WHAT YOU HAVE TO DO:
A word-for-word copy of the listing is what's needed; leave out every image.

SOURCE MATERIAL:
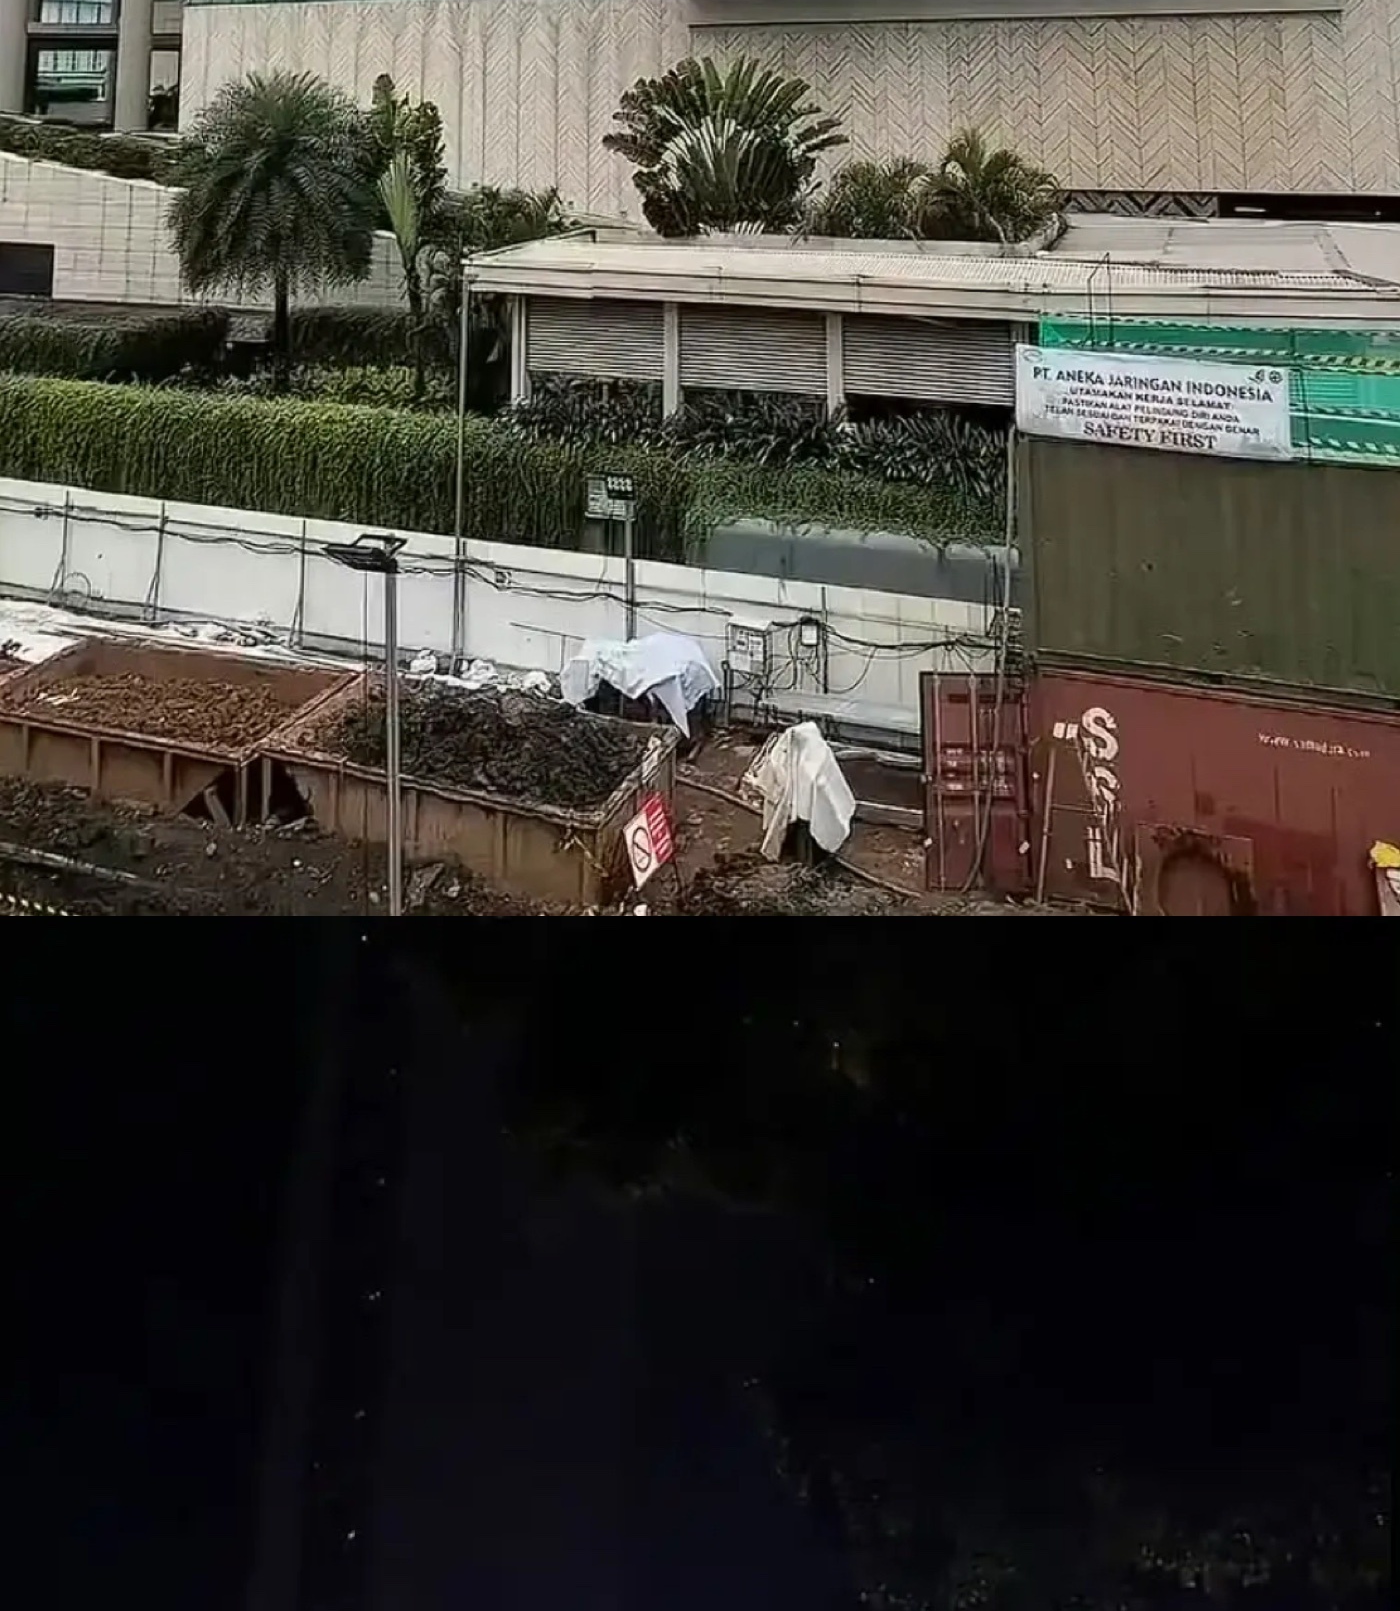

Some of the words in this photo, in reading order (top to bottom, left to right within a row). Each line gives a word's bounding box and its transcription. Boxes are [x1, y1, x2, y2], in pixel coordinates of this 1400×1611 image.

[1056, 369, 1105, 386] ANEKA
[1107, 374, 1182, 393] JARINGAN
[1186, 381, 1274, 403] INDONESIA
[1069, 386, 1132, 400] UTAMAKAN
[1135, 393, 1174, 405] KERJA
[1062, 397, 1108, 409] PASTIKAN
[1083, 421, 1156, 443] SAFETY
[1159, 431, 1218, 449] FIRST
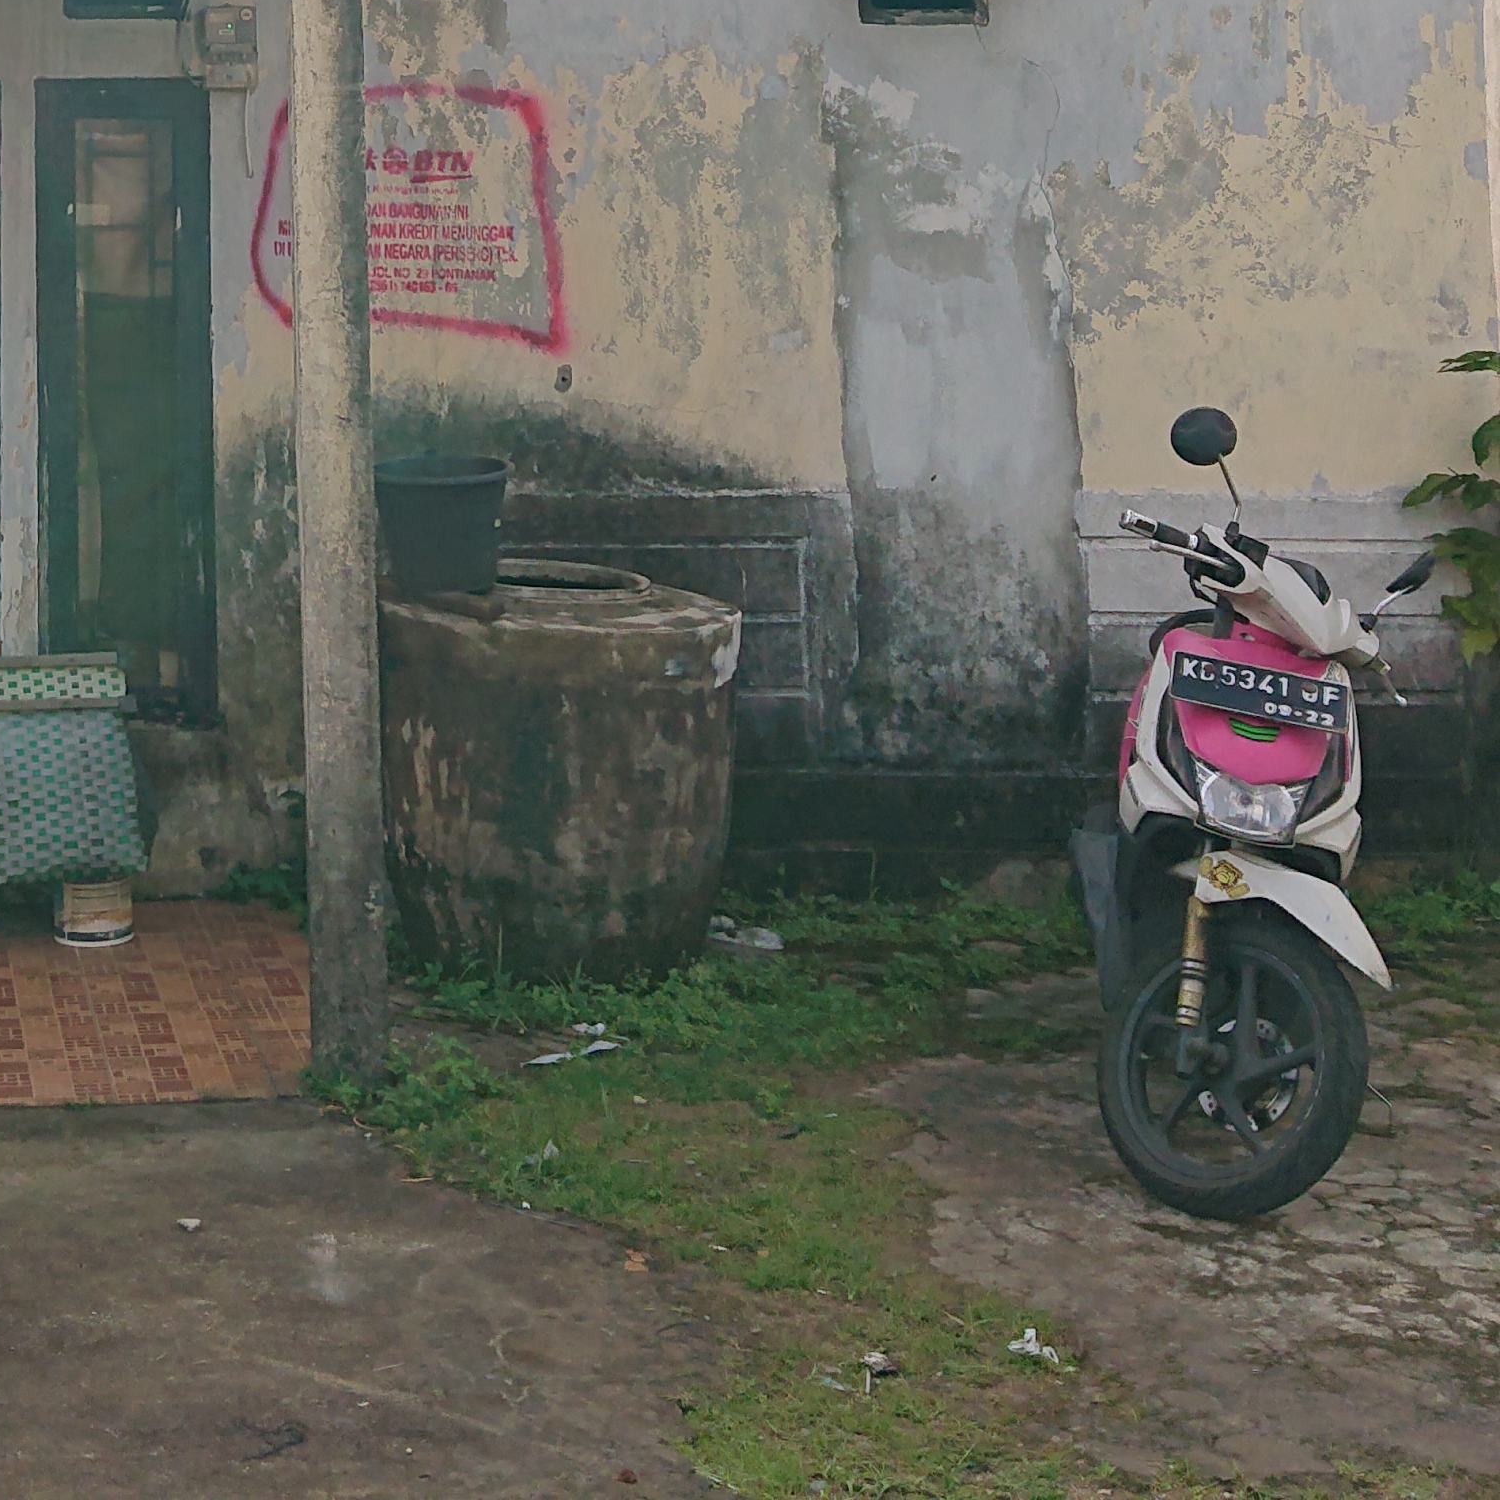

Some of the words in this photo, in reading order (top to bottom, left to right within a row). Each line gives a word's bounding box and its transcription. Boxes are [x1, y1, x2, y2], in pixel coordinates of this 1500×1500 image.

[413, 150, 474, 172] BTN
[389, 202, 454, 220] BANGUNAN
[400, 224, 439, 240] KREDIT
[442, 225, 514, 241] MENUNGGAK
[384, 244, 430, 260] NEGARA
[432, 268, 497, 282] PONTIANAK
[1221, 665, 1288, 697] 5341

OUTPUT OF THE EXERCISE:
Some of the words in this photo, in reading order (top to bottom, left to right within a row). Each line gives a word's bounding box and its transcription. Boxes are [x1, y1, x2, y2], in pixel coordinates of this 1400×1611 image.

[1056, 369, 1105, 386] ANEKA
[1107, 374, 1182, 393] JARINGAN
[1186, 381, 1274, 403] INDONESIA
[1069, 386, 1132, 400] UTAMAKAN
[1135, 393, 1174, 405] KERJA
[1062, 397, 1108, 409] PASTIKAN
[1083, 421, 1156, 443] SAFETY
[1159, 431, 1218, 449] FIRST

Some of the words in this photo, in reading order (top to bottom, left to right within a row). Each line gives a word's bounding box and its transcription. Boxes are [x1, y1, x2, y2], in pixel coordinates of this 1500×1500 image.

[413, 150, 474, 172] BTN
[389, 202, 454, 220] BANGUNAN
[400, 224, 439, 240] KREDIT
[442, 225, 514, 241] MENUNGGAK
[384, 244, 430, 260] NEGARA
[432, 268, 497, 282] PONTIANAK
[1221, 665, 1288, 697] 5341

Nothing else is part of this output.